Unfortunately, as a stream moves through a long length of pipe, the solid particles in the stream tend to concentrate together in a pattern generally characterized as being in the shape of a rope strand. This phenomenon is commonly referred to as roping, or laning. As such, any attempt to further distribute, or split, a stream into multiple streams for transport to respective receptors seldom, if ever, yields equal amounts of PC going to each of the receptors. In other words, when roping occurs in a stream, splitting that stream into multiple streams results in a flow imbalance between the multiple streams. This flow imbalance is also compounded by unequal pressure drops across the coal pipes caused by non-identified pipe length and configurations. Resulting flow imbalances could be on the order of ±30% between the multiple streams.
Likewise, with respect to receptors fed by multiple sources, roping makes it difficult to combine the flows from these multiple sources such that each of the receptors are supplied with equal flows.
Various methods and devices have been utilized to obtain more uniform and homogenous two-phase flow through a fuel pipe system, as the flow travels from the coal mill to the furnace. Such methods and devices are implemented at different points downstream of the coal mill. One such method and device is a conventional adjustable orifice, as illustrated in FIG. 1. The conventional adjustable orifice can be implemented at any point along the furnace pipe system. Such an adjustable orifice comprises opposed gate boxes 120 and 121 located along a pipe or between pipes. The gate boxes include slidable gates 123 and 124, which can be adjusted to regulate the resistance to the flow of coal and a carrier gas flowing into the pipe 111 from pipe 110 by altering the opening between gates 123 and 124.

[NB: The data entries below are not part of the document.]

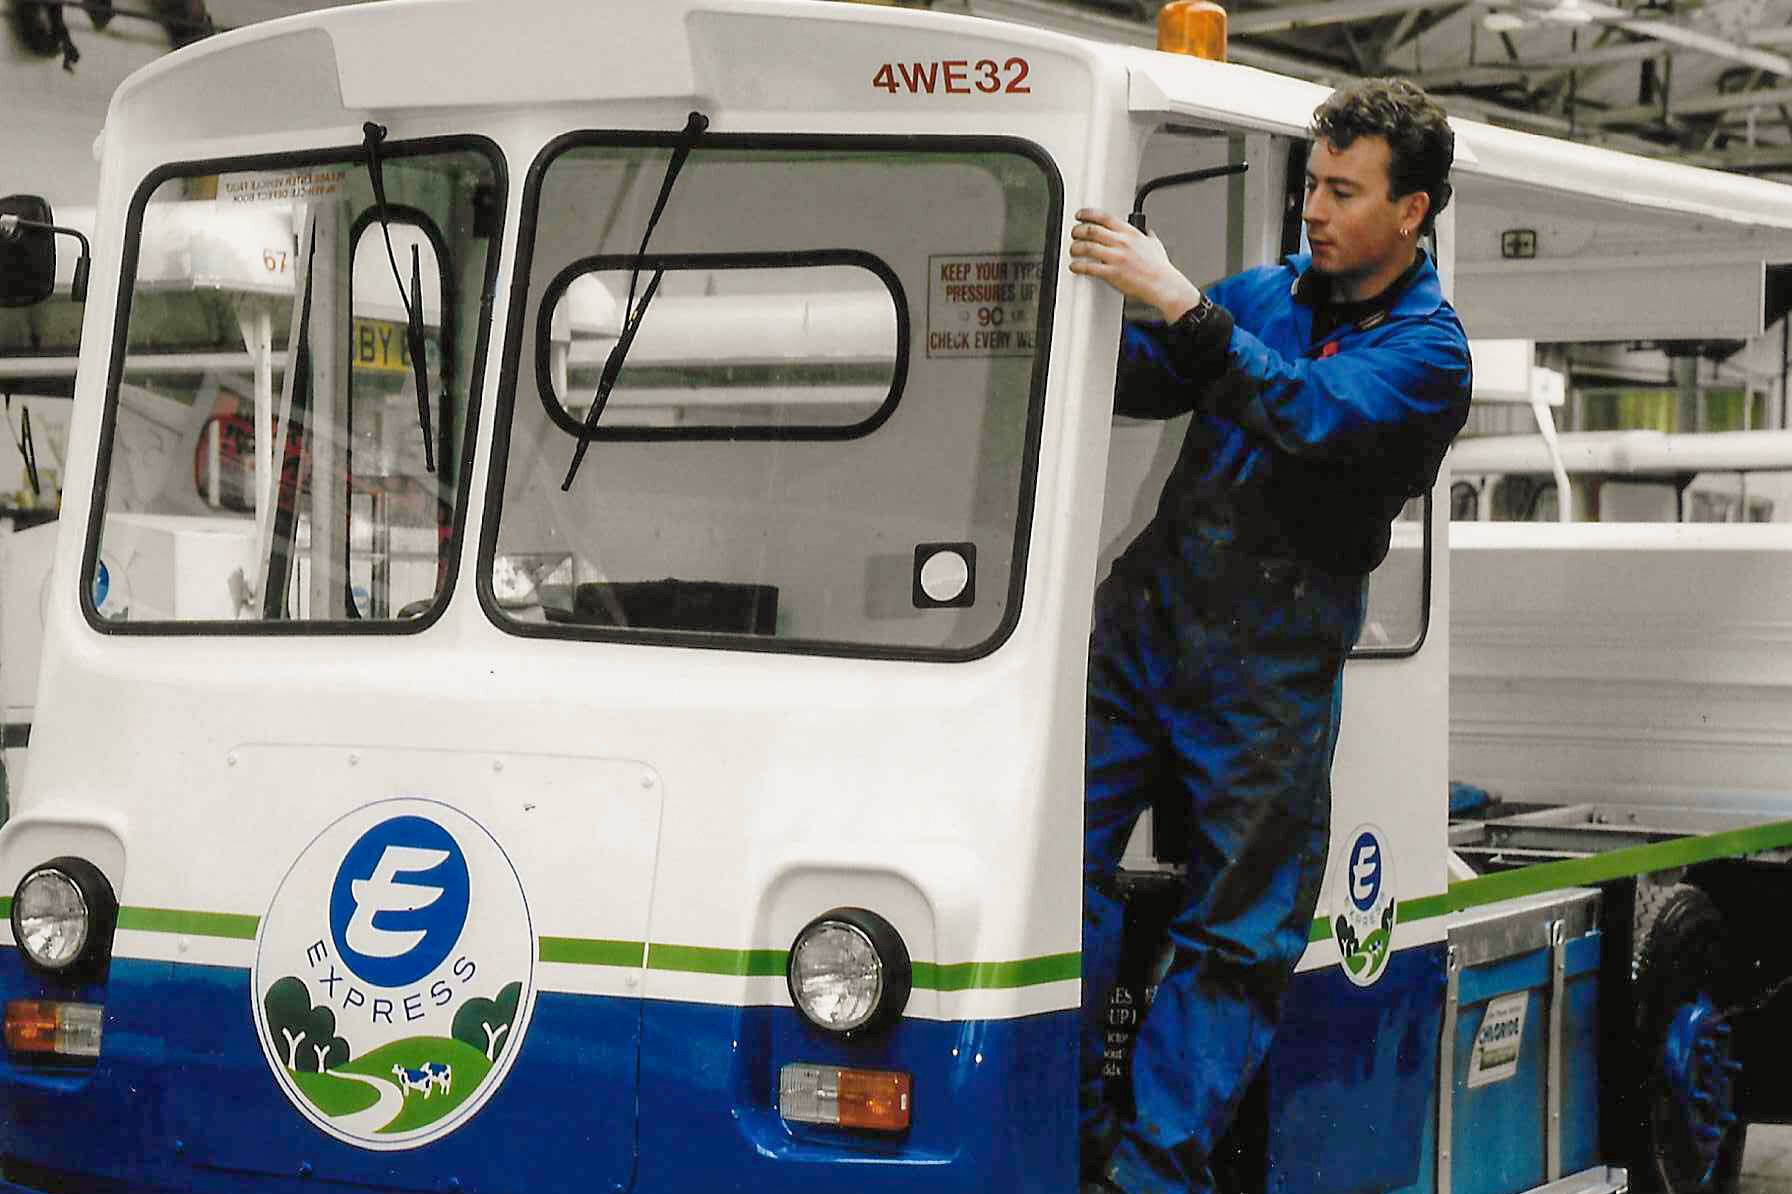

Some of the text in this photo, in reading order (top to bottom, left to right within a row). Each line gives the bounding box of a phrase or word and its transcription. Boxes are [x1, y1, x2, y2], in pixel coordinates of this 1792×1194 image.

[872, 56, 1031, 94] 4WE32
[263, 249, 287, 273] 67
[941, 263, 971, 281] KEEP
[976, 262, 1008, 281] YOUR
[945, 283, 1015, 303] PRESSURES
[977, 307, 1004, 327] 90
[929, 331, 969, 350] CHECK
[975, 330, 1011, 349] EVERY
[306, 939, 478, 1025] EXPRESS

To increase the amount of coal and a carrier gas into the pipe 111, the gates can be retracted into the gate boxes 120 and 121. Conversely, to reduce the amount of flow through the pipe 111, the gates 123 and 124 can be positioned closer together.

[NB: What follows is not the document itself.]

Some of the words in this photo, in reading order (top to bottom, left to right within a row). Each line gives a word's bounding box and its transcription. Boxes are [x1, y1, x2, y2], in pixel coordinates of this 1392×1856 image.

The use of such an adjustable orifice has disadvantages. The adjustable orifice was initially designed for use in a single-phase flow. As shown in FIG. 1, if used in a two-phase system, once the flow passes through the gateway opening, coal eddies 125 are created from streams of coal, which are interrupted as they travel over the top edges 123-1 and 124-1 of the gates 123 and 124. Such eddies not only wear down the interior walls of the pipe, but leave piles of coal immediately outside the gates 123 and 124. Additionally, coal piles up within the gate boxes 120 and 121, unless a complicated sealing system is used, eventually making it difficult to retract the gates into the gate boxes. As a result such orifices are most effective when used in a vertical direction, in order to minimize coal pile-up downstream of the gates.